Records drawn from a dataset

-.-.-

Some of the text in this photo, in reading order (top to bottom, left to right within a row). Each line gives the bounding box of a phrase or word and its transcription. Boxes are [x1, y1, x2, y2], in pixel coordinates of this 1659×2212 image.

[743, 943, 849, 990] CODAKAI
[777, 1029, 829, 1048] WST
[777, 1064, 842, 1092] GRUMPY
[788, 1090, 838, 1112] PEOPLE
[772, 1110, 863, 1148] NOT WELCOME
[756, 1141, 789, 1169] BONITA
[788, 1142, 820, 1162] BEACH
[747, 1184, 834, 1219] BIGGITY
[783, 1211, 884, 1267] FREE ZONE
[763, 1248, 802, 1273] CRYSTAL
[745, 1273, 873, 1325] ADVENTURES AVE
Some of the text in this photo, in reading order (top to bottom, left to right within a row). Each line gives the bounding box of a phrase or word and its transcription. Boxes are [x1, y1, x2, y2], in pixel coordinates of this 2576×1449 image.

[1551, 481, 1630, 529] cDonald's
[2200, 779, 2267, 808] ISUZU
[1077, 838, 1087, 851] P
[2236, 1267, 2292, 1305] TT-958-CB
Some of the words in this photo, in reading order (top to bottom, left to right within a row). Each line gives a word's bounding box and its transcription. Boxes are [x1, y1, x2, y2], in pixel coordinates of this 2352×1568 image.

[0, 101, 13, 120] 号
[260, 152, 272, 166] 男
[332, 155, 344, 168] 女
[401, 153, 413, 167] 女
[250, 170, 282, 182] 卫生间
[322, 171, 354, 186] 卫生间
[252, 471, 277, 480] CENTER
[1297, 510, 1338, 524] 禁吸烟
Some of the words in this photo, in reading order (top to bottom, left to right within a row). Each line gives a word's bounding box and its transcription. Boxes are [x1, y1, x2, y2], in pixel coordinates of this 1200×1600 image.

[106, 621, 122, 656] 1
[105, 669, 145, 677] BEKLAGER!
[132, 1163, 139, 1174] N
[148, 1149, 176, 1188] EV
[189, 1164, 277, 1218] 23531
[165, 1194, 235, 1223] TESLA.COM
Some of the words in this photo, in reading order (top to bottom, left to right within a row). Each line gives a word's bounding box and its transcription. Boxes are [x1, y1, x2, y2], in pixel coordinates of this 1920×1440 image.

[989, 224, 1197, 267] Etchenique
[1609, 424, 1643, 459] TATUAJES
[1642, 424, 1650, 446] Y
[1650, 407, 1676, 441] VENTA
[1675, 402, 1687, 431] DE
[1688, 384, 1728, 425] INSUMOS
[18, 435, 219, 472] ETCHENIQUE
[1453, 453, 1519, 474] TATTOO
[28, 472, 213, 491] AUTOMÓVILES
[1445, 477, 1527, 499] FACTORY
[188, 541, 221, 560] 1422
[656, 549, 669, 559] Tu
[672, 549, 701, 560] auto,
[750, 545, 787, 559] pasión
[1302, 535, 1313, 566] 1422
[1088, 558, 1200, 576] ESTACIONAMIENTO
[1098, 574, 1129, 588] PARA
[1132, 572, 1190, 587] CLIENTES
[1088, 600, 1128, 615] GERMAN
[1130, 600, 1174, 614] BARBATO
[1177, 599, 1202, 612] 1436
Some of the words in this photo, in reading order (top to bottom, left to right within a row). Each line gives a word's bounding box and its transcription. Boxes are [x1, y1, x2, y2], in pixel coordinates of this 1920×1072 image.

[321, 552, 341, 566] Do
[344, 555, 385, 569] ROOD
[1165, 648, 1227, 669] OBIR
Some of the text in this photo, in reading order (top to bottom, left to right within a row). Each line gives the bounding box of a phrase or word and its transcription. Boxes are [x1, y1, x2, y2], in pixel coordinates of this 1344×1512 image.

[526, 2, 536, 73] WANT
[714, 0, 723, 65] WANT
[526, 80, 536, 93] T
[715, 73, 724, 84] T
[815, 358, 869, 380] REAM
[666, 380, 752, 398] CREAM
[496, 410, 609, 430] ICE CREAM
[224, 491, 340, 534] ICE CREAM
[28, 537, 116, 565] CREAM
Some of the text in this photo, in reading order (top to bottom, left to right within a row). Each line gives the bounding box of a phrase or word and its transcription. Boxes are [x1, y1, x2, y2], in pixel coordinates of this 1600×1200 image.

-.-.-

Write out every entry once more, precisely as it stands.

Some of the text in this photo, in reading order (top to bottom, left to right within a row). Each line gives the bounding box of a phrase or word and its transcription. Boxes are [x1, y1, x2, y2], in pixel coordinates of this 1659×2212 image.

[743, 943, 849, 990] CODAKAI
[777, 1029, 829, 1048] WST
[777, 1064, 842, 1092] GRUMPY
[788, 1090, 838, 1112] PEOPLE
[772, 1110, 863, 1148] NOT WELCOME
[756, 1141, 789, 1169] BONITA
[788, 1142, 820, 1162] BEACH
[747, 1184, 834, 1219] BIGGITY
[783, 1211, 884, 1267] FREE ZONE
[763, 1248, 802, 1273] CRYSTAL
[745, 1273, 873, 1325] ADVENTURES AVE
Some of the text in this photo, in reading order (top to bottom, left to right within a row). Each line gives the bounding box of a phrase or word and its transcription. Boxes are [x1, y1, x2, y2], in pixel coordinates of this 2576×1449 image.

[1551, 481, 1630, 529] cDonald's
[2200, 779, 2267, 808] ISUZU
[1077, 838, 1087, 851] P
[2236, 1267, 2292, 1305] TT-958-CB
Some of the words in this photo, in reading order (top to bottom, left to right within a row). Each line gives a word's bounding box and its transcription. Boxes are [x1, y1, x2, y2], in pixel coordinates of this 2352×1568 image.

[0, 101, 13, 120] 号
[260, 152, 272, 166] 男
[332, 155, 344, 168] 女
[401, 153, 413, 167] 女
[250, 170, 282, 182] 卫生间
[322, 171, 354, 186] 卫生间
[252, 471, 277, 480] CENTER
[1297, 510, 1338, 524] 禁吸烟
Some of the words in this photo, in reading order (top to bottom, left to right within a row). Each line gives a word's bounding box and its transcription. Boxes are [x1, y1, x2, y2], in pixel coordinates of this 1200×1600 image.

[106, 621, 122, 656] 1
[105, 669, 145, 677] BEKLAGER!
[132, 1163, 139, 1174] N
[148, 1149, 176, 1188] EV
[189, 1164, 277, 1218] 23531
[165, 1194, 235, 1223] TESLA.COM
Some of the words in this photo, in reading order (top to bottom, left to right within a row). Each line gives a word's bounding box and its transcription. Boxes are [x1, y1, x2, y2], in pixel coordinates of this 1920×1440 image.

[989, 224, 1197, 267] Etchenique
[1609, 424, 1643, 459] TATUAJES
[1642, 424, 1650, 446] Y
[1650, 407, 1676, 441] VENTA
[1675, 402, 1687, 431] DE
[1688, 384, 1728, 425] INSUMOS
[18, 435, 219, 472] ETCHENIQUE
[1453, 453, 1519, 474] TATTOO
[28, 472, 213, 491] AUTOMÓVILES
[1445, 477, 1527, 499] FACTORY
[188, 541, 221, 560] 1422
[656, 549, 669, 559] Tu
[672, 549, 701, 560] auto,
[750, 545, 787, 559] pasión
[1302, 535, 1313, 566] 1422
[1088, 558, 1200, 576] ESTACIONAMIENTO
[1098, 574, 1129, 588] PARA
[1132, 572, 1190, 587] CLIENTES
[1088, 600, 1128, 615] GERMAN
[1130, 600, 1174, 614] BARBATO
[1177, 599, 1202, 612] 1436
Some of the words in this photo, in reading order (top to bottom, left to right within a row). Each line gives a word's bounding box and its transcription. Boxes are [x1, y1, x2, y2], in pixel coordinates of this 1920×1072 image.

[321, 552, 341, 566] Do
[344, 555, 385, 569] ROOD
[1165, 648, 1227, 669] OBIR
Some of the text in this photo, in reading order (top to bottom, left to right within a row). Each line gives the bounding box of a phrase or word and its transcription. Boxes are [x1, y1, x2, y2], in pixel coordinates of this 1344×1512 image.

[526, 2, 536, 73] WANT
[714, 0, 723, 65] WANT
[526, 80, 536, 93] T
[715, 73, 724, 84] T
[815, 358, 869, 380] REAM
[666, 380, 752, 398] CREAM
[496, 410, 609, 430] ICE CREAM
[224, 491, 340, 534] ICE CREAM
[28, 537, 116, 565] CREAM
Some of the text in this photo, in reading order (top to bottom, left to right within a row). Each line gives the bounding box of a phrase or word and its transcription. Boxes are [x1, y1, x2, y2], in pixel coordinates of this 1600×1200 image.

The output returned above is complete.